What is a content strategy?

A content strategy or ‘content marketing’ strategy is a strategic approach to connecting with a target audience through creating, publishing and distributing relevant content. 

The primary purpose is to guide the development of relevant content to attract, engage, and retain customers, thereby contributing to the broader business goals. It is strategically developed to enhance brand visibility, improve leads, boost sales, and foster relationships with customers.

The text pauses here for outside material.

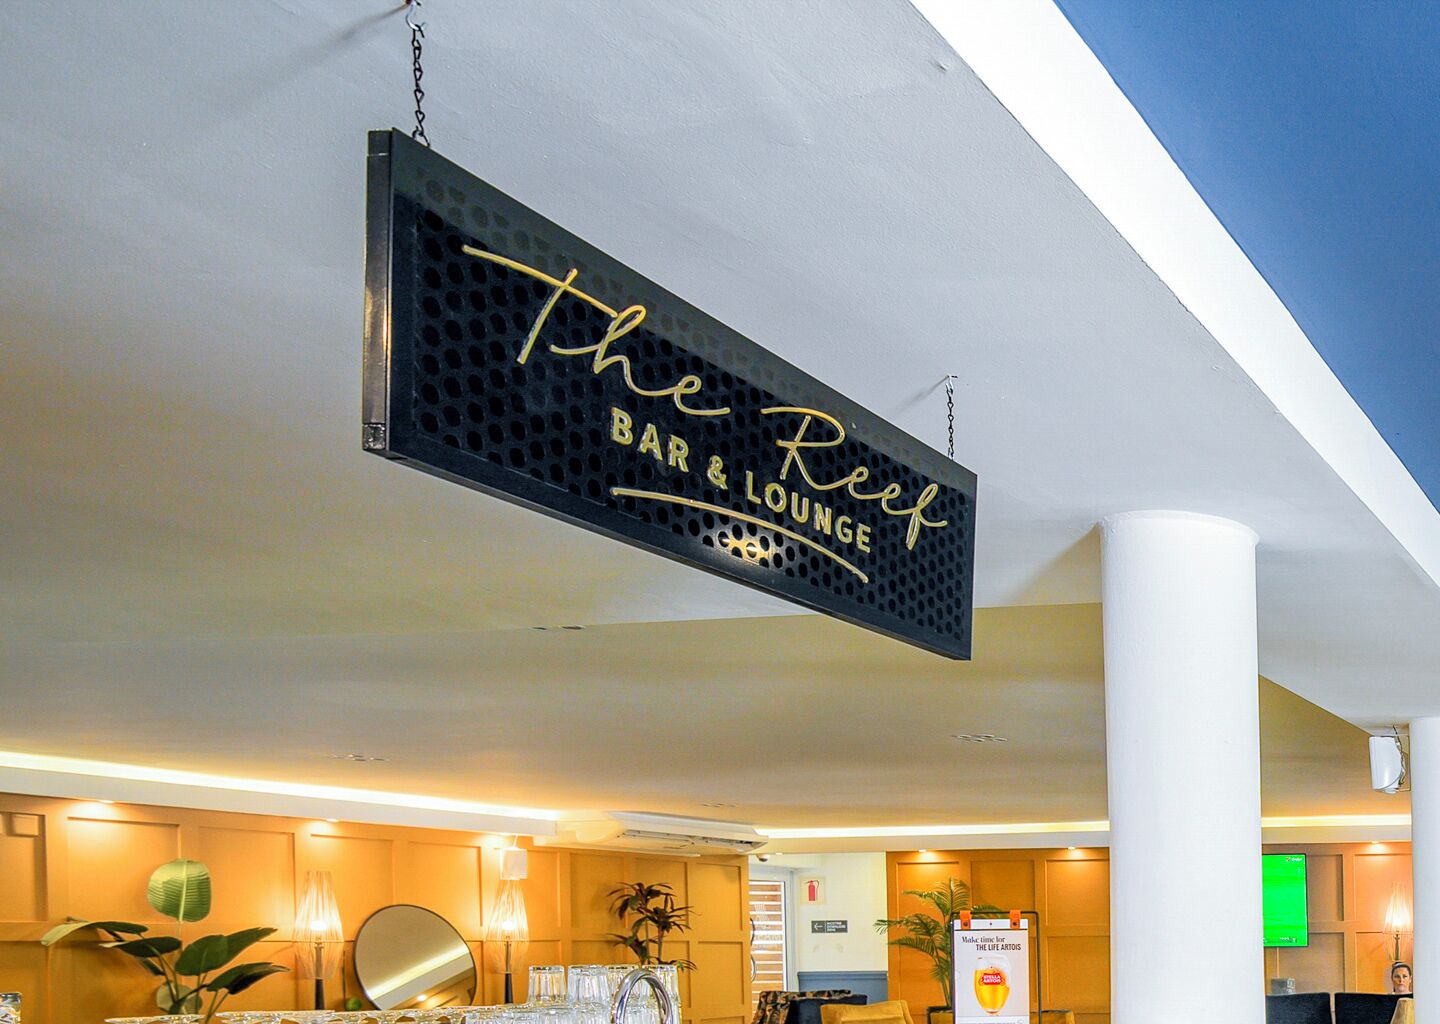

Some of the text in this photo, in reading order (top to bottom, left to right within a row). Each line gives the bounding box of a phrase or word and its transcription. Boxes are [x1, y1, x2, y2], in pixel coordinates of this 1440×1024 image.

[462, 245, 948, 550] The Reef
[610, 407, 872, 554] BAR & LOUNGE

Key elements of an effective strategy

Companies that consistently produce content their audiences love are likely to have an effective strategy in place. Here are the key elements involved in achieving that:

  1. Goal Setting: Before any content is created, it’s crucial to define what you want to achieve. This might include increasing brand awareness, boosting sales, improving customer engagement, or supporting other business goals.
  2. Audience Research: A successful strategy requires a thorough understanding of your target audience. This involves research, profiling, and identifying customer needs, pain points, and buying motivations.
  3. Content Audit and Inventory: Assessing existing content helps identify gaps and opportunities for improvement. This can involve evaluating the relevance, performance, and alignment of current content with your goals.
  4. Competitor Analysis: Research on your competitors’ approach to content can provide valuable information and assist in identifying gaps or opportunities in content production,
  5. SEO Research: Prospective customer use search engines to research their pain points and identify solutions before making purchases. Keyword research can provide valuable information about how they search and the questions they’re asking.
  6. Content Creation: Based on the insights gained from audience research and content audits, content is tailored to meet the specific interests and needs of your audience. This involves deciding on the types of content (e.g., articles, videos, case studies), and the tone, style, and key messages that will resonate with your audience.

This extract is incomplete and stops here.